Without including any images, reproduce each entry exactly.

## EXERCISE INPUTS:
═══

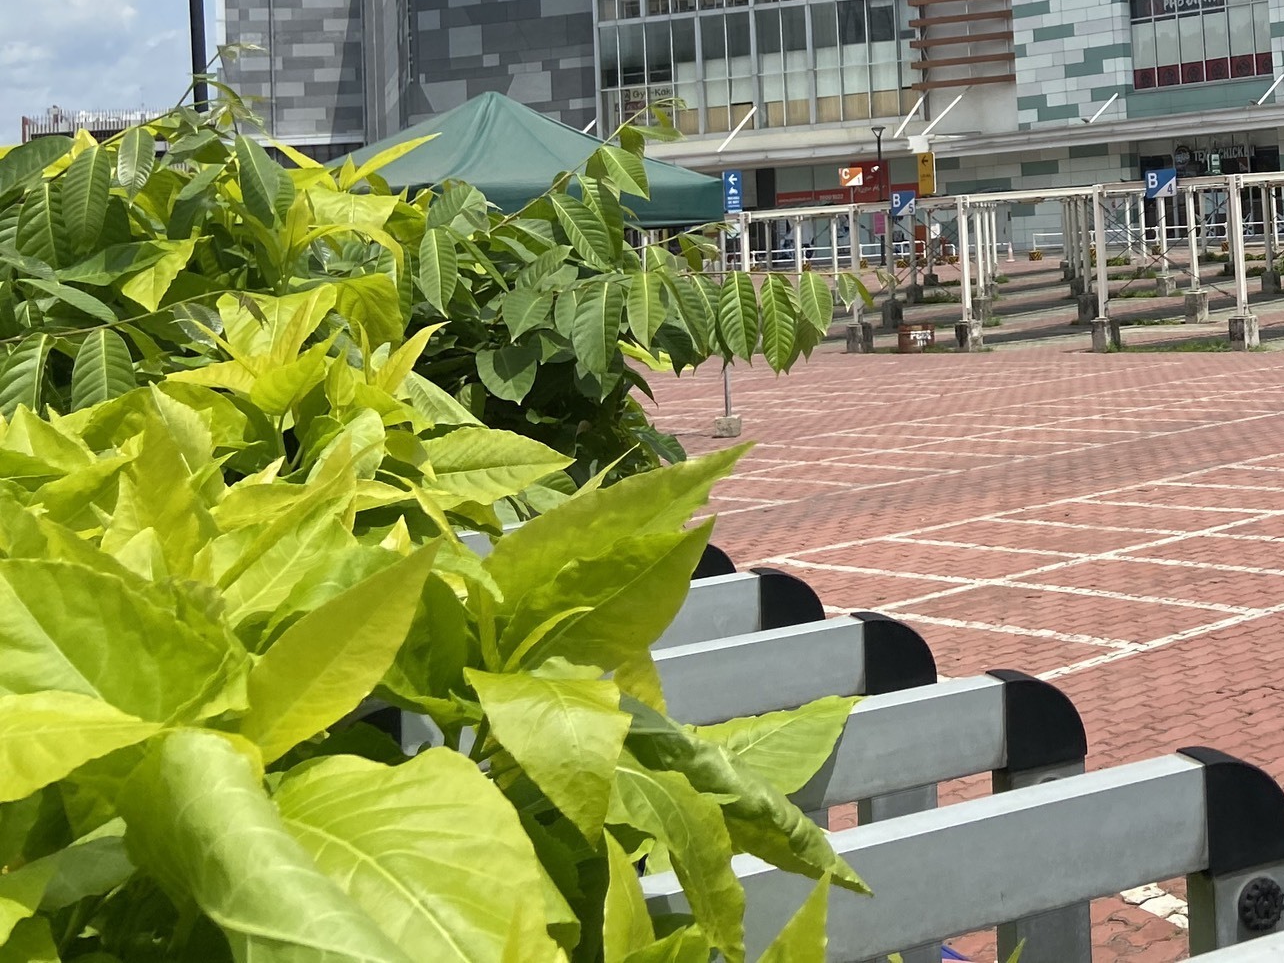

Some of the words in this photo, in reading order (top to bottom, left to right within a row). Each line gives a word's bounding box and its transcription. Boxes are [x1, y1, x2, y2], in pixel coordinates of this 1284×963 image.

[841, 167, 850, 180] C
[1147, 172, 1158, 189] B
[1166, 183, 1173, 194] 4
[892, 193, 901, 208] B
[908, 203, 914, 214] 5
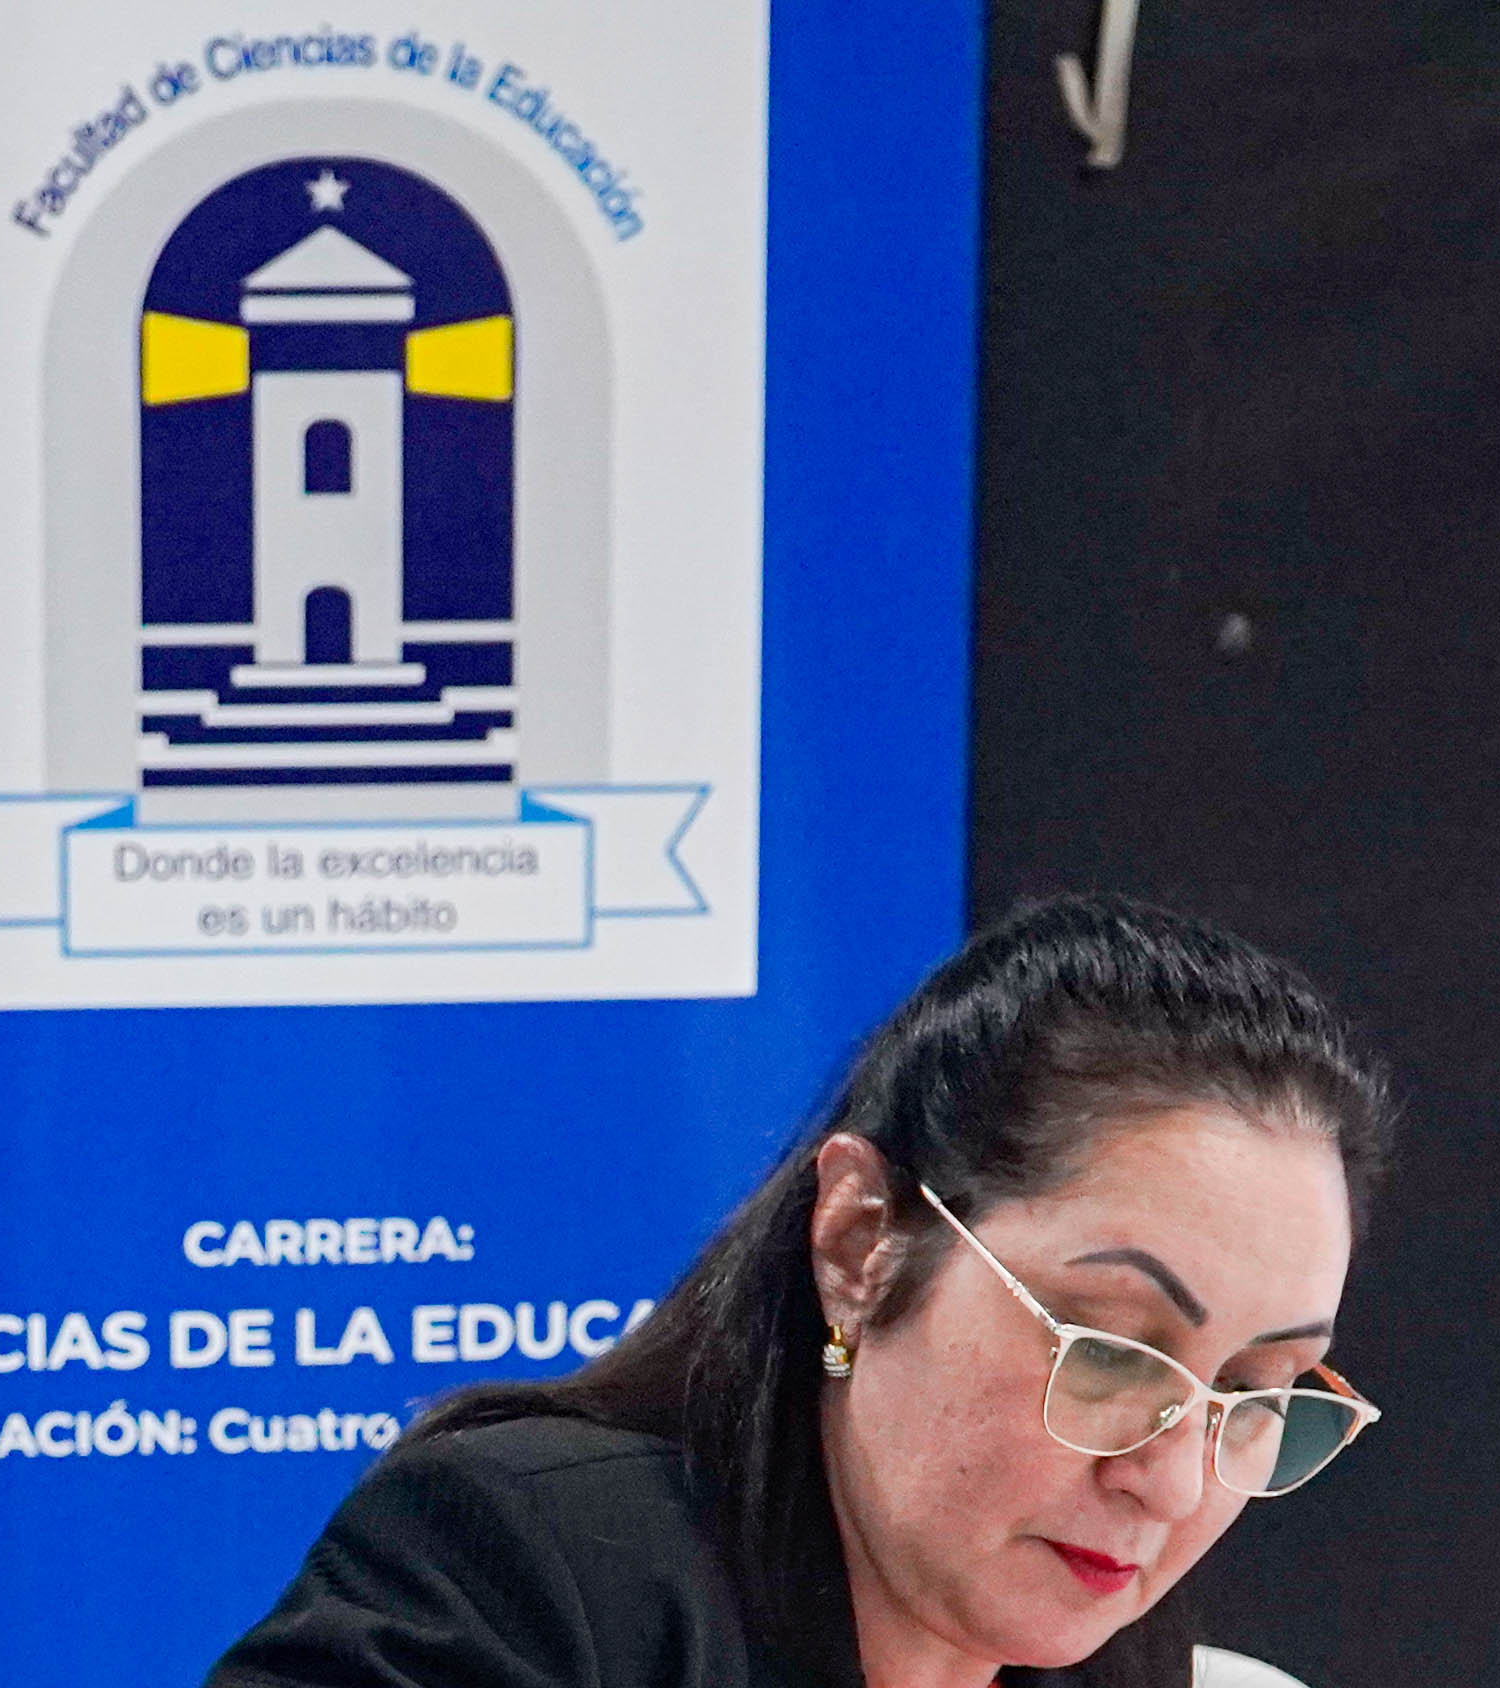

═══

## TASK ANSWER:
Some of the words in this photo, in reading order (top to bottom, left to right within a row). Each line gives a word's bounding box and its transcription. Boxes are [x1, y1, x2, y2], in pixel coordinates of this 1284×963 image.

[841, 167, 850, 180] C
[1147, 172, 1158, 189] B
[1166, 183, 1173, 194] 4
[892, 193, 901, 208] B
[908, 203, 914, 214] 5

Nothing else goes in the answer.